Several clinical trials under way are examining whether a new class of therapy approved to treat type 2 diabetes can also treat type 1.
Better insulin formulations and glucose monitors have significantly improved the control of type 1 diabetes (T1D). Large studies in various countries have found that average glycated hemoglobin (A1C) levels have fallen by more than half a percentage point since the 1990s,1,2 and that the disease shortens lifespan far less than it once did.3 Recent trials, moreover, have shown that sophisticated software can control the disease even better, at least in the short term, by continuously monitoring glucose levels using data to control the timing and precise amount of insulin treatment.4
Yet most patients with T1D still have elevated levels of A1C, and even those who do manage to keep their levels in the optimal range, below 7%, have significantly higher mortality rates than similar patients who don’t have T1D.5 Researchers, therefore, are looking for new tools to manage the disease, and many are looking hardest at medications developed to treat type 2 diabetes (T2D).

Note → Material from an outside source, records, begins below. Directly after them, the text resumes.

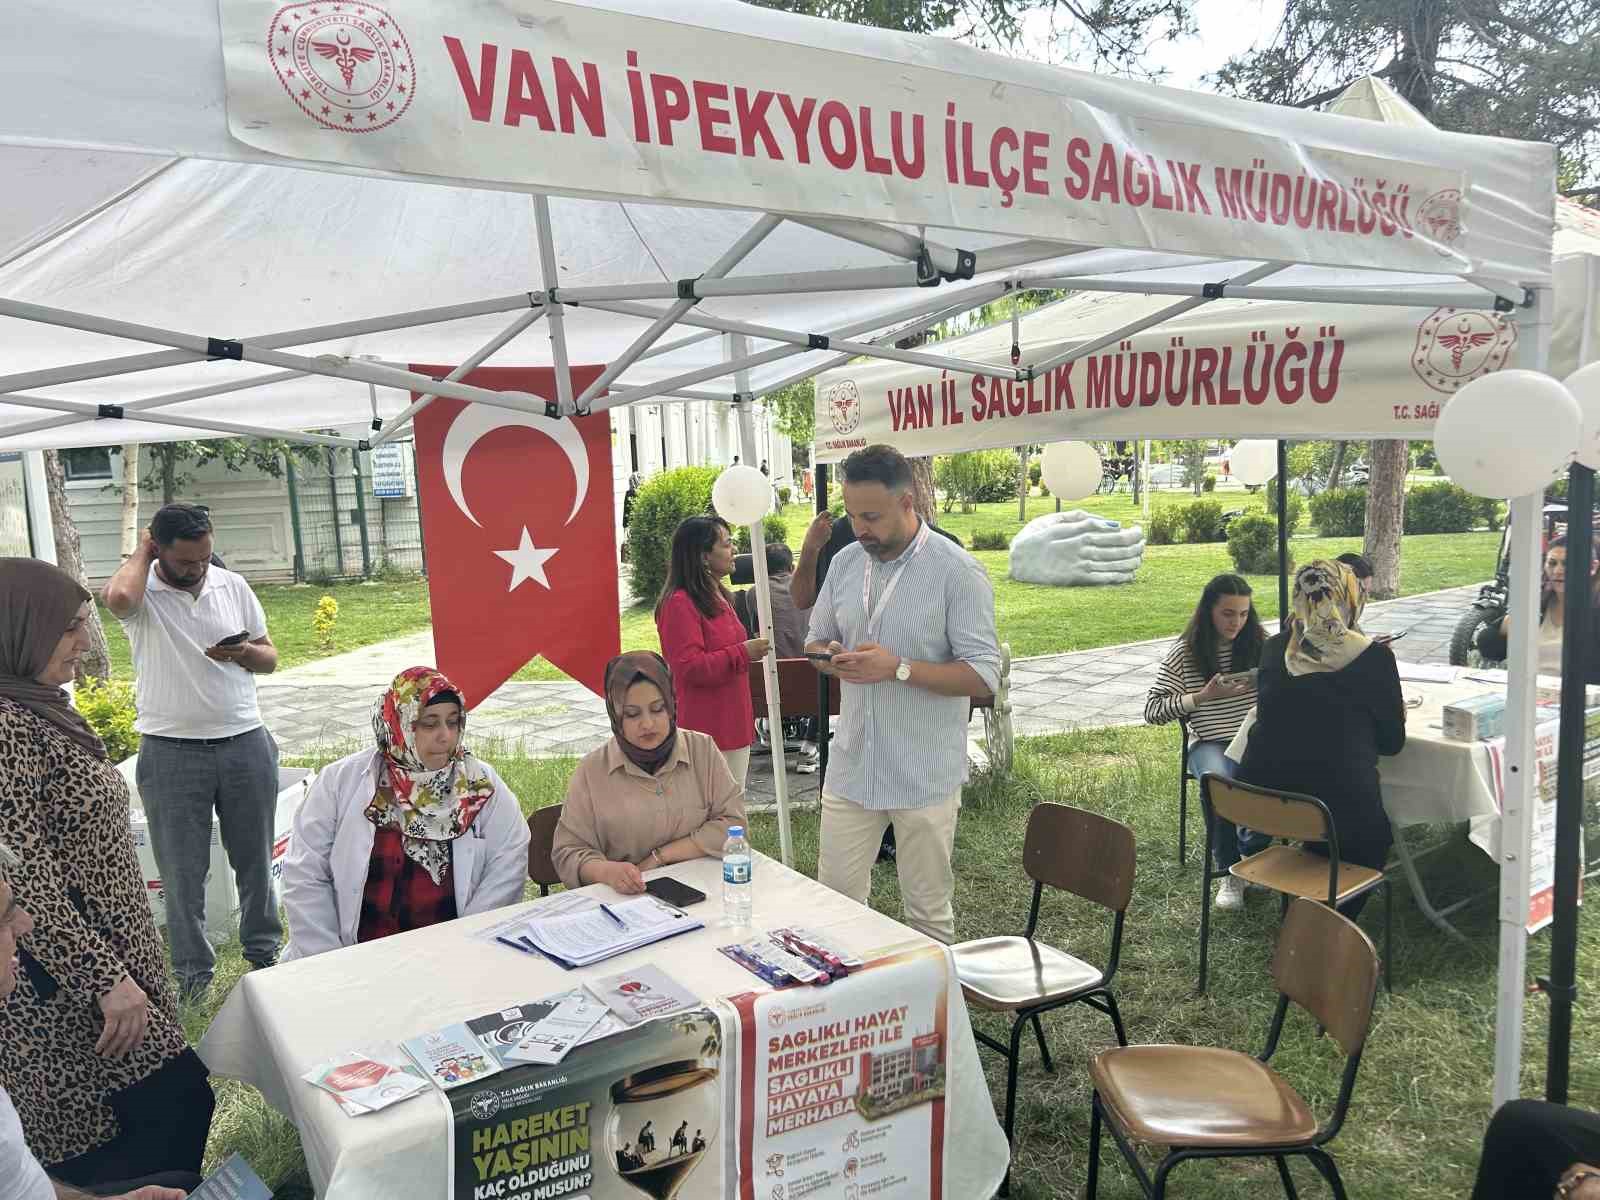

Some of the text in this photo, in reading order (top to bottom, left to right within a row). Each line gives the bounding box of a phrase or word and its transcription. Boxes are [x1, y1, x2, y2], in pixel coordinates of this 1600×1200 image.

[442, 36, 606, 138] VAN
[626, 50, 926, 179] İPEKYOLU
[944, 101, 1050, 209] İLÇE
[888, 383, 933, 432] VAN
[941, 368, 963, 426] İL
[1086, 325, 1345, 408] MÜDÜRLÜĞÜ
[1393, 405, 1411, 420] T.C.
[854, 1006, 909, 1033] HAYAT
[768, 1083, 840, 1116] HAYATA
[768, 1098, 856, 1137] MERHABA
[472, 1102, 592, 1154] HAREKET
[472, 1126, 591, 1181] YAŞININ
[474, 1154, 590, 1200] KAÇ OLDUĞUNU
[533, 1173, 592, 1200] MUSUN?

A class of drugs called sodium-glucose co-transporter 2 (SGLT2) inhibitors has attracted particular interest. Indeed, all 3 such drugs that are FDA-approved to treat T2D—dapagliflozin (Farxiga), canagliflozin (Invokana) and empagliflozin (Jardiance)—are under investigation for use in patients with T1D. This interest stems not only from the ability of SGLT2 inhibitors to reduce A1C levels, but also from their docu tions in blood sugar levels.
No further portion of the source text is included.